A reverse merger is a type of corporate transaction in which a privately held company acquires a publicly traded company, often referred to as a “shell” company, in order to become publicly listed. This process allows the private company to bypass the lengthy and costly process of an initial public offering (IPO) while gaining access to the capital markets. In a reverse merger, the private company’s shareholders exchange their private company shares for shares in the publicly traded company, and the private company takes control of the public company.

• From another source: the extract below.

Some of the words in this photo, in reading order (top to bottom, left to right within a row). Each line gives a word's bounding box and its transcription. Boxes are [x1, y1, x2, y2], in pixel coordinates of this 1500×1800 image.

Key Features of a Reverse Merger

  • Access to Public Markets: The primary benefit of a reverse merger is that the private company can access public markets without going through the traditional IPO process. The private company gains a public listing and can raise capital through the stock market.
  • Faster Process: A reverse merger is generally quicker and more cost-effective than an IPO. The process can take as little as a few months, while IPOs can take up to a year or more to complete.
  • No Need for Underwriters: Unlike in an IPO, a reverse merger does not require underwriters, which helps reduce costs. Instead, the transaction is typically negotiated directly between the private company and the public shell company.
  • Shareholder Exchange: In a reverse merger, the shareholders of the private company exchange their private company shares for shares in the publicly traded company, usually resulting in the private company taking over the public company’s management and operations.
  • Regulatory Compliance: The private company must comply with securities regulations, such as filing with the Securities and Exchange Commission (SEC) in the U.S. or with relevant authorities in other jurisdictions. The reverse merger transaction typically requires the filing of updated financial statements, disclosures, and other documentation.

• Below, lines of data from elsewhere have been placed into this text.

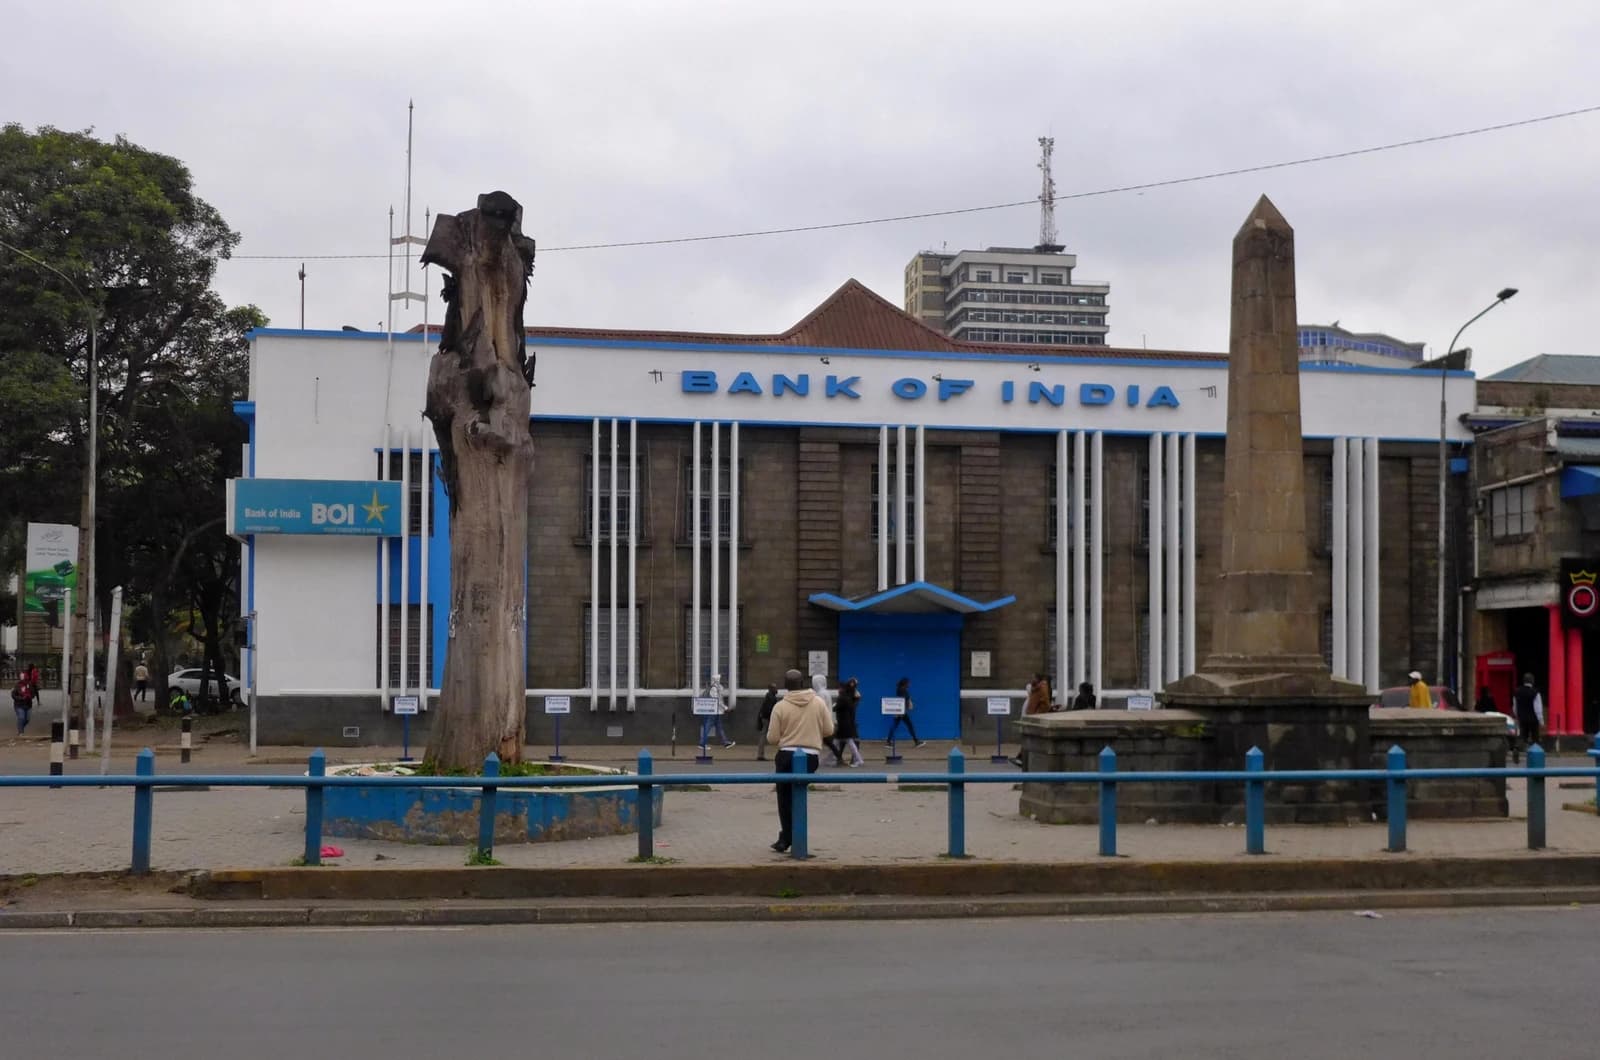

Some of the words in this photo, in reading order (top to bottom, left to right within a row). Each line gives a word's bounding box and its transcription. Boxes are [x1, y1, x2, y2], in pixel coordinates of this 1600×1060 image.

[682, 370, 861, 399] BANK
[892, 377, 974, 403] OF
[1001, 380, 1180, 408] INDIA
[244, 508, 266, 518] Bank
[268, 508, 278, 518] of
[280, 509, 301, 519] India
[311, 502, 355, 525] BOI
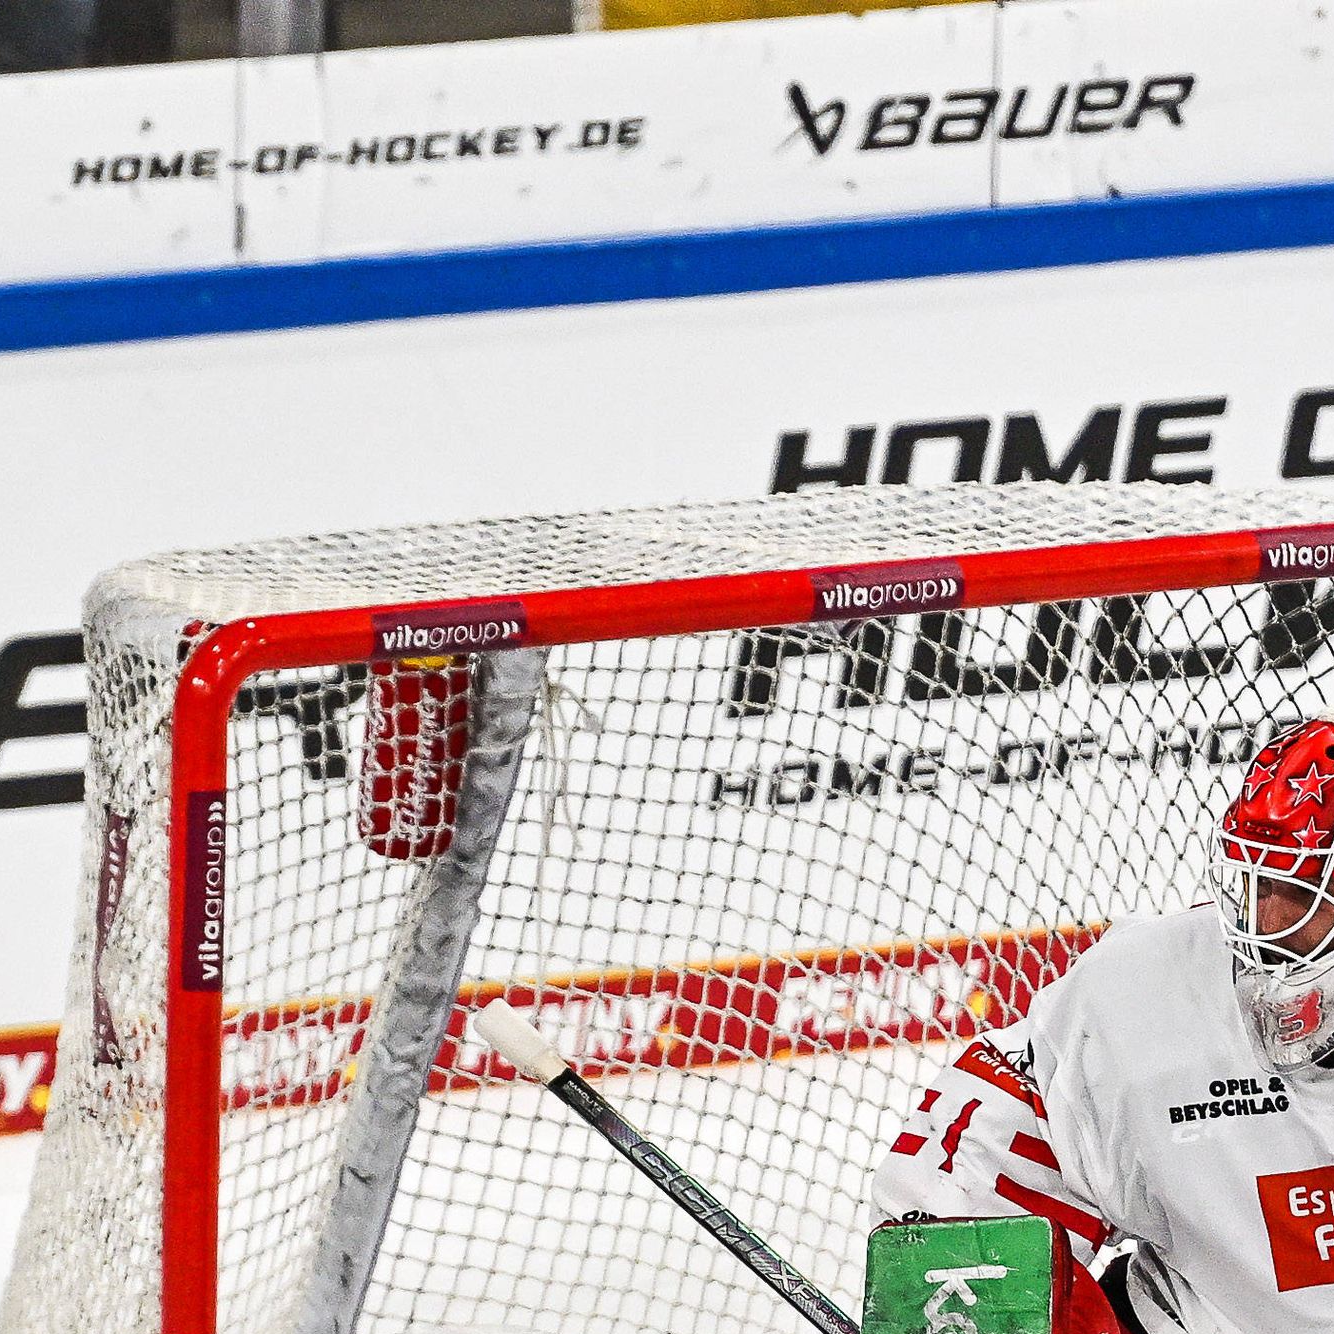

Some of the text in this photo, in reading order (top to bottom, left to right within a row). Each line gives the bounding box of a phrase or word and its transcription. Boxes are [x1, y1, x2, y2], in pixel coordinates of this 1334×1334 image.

[859, 74, 1197, 152] BAUER
[72, 116, 647, 186] HOME-OF-HOCKEY.DE
[770, 397, 1228, 497] HOME
[1169, 1095, 1290, 1124] BEYSCHLAG
[1208, 1075, 1285, 1099] OPEL &

Reverse Merger in Switzerland

In Switzerland, reverse mergers are less common compared to other countries like the U.S., but they can still be a viable option for companies seeking a public listing. Swiss law allows for the use of reverse mergers, subject to compliance with Swiss corporate governance and securities regulations.

  • Swiss Financial Market Regulations: In Switzerland, reverse mergers must comply with the Swiss Financial Market Supervisory Authority (FINMA) regulations, which govern the operation of financial markets and public companies. Any reverse merger involving a public company in Switzerland must adhere to the Swiss Code of Obligations, which sets out the rules for corporate governance, shareholder rights, and disclosure requirements.
  • Listing on the SIX Swiss Exchange: For a company involved in a reverse merger in Switzerland, the goal is often to list on the SIX Swiss Exchange. The reverse merger process allows the private company to gain access to public capital markets through an already listed shell company, which can facilitate raising funds and improving visibility among investors.
  • Tax Considerations: Reverse mergers in Switzerland must also consider tax implications. While a reverse merger can be a tax-efficient method for achieving a public listing, the tax treatment of the transaction depends on the specific structure of the merger and the companies involved.

Reverse mergers in Switzerland provide a faster and more cost-effective alternative to IPOs for companies looking to go public. However, companies must ensure that the transaction complies with Swiss financial and corporate regulations to ensure transparency, fairness, and proper shareholder protection.